**Your assignment**
Give back every record exactly, images excluded.
***** Dataset records
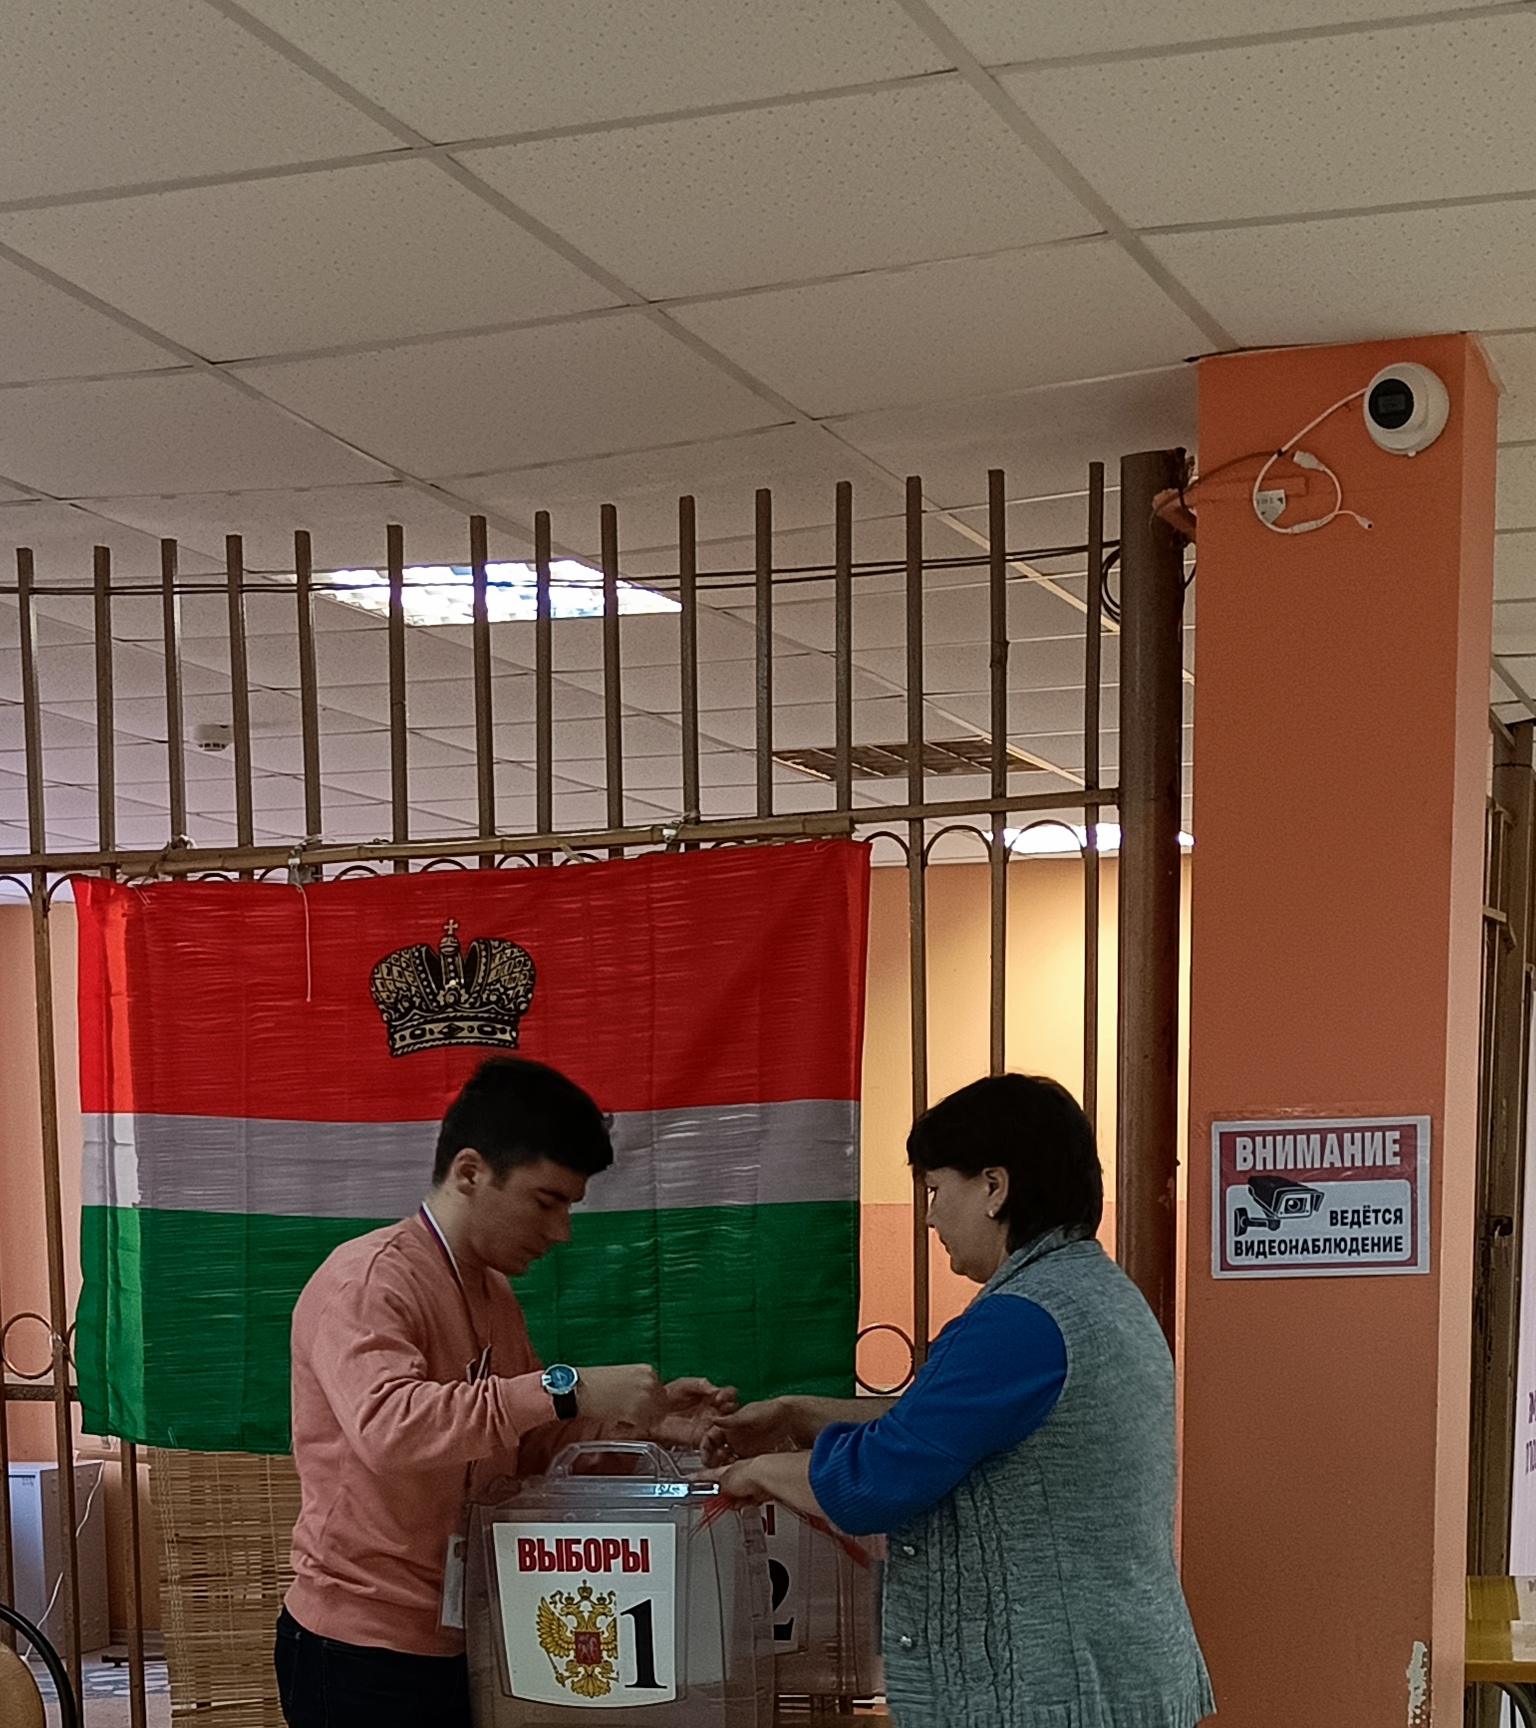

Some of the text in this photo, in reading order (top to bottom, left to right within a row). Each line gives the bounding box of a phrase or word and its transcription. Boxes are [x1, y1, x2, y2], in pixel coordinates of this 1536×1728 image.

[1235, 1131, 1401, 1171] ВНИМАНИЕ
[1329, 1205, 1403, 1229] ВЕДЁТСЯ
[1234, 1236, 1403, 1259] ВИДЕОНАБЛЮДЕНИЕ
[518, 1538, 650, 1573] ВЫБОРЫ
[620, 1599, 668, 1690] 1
**********
**Exercise response**
Some of the text in this photo, in reading order (top to bottom, left to right within a row). Each line gives the bounding box of a phrase or word and its transcription. Boxes are [x1, y1, x2, y2], in pixel coordinates of this 1536×1728 image.

[1235, 1131, 1401, 1171] ВНИМАНИЕ
[1329, 1205, 1403, 1229] ВЕДЁТСЯ
[1234, 1236, 1403, 1259] ВИДЕОНАБЛЮДЕНИЕ
[518, 1538, 650, 1573] ВЫБОРЫ
[620, 1599, 668, 1690] 1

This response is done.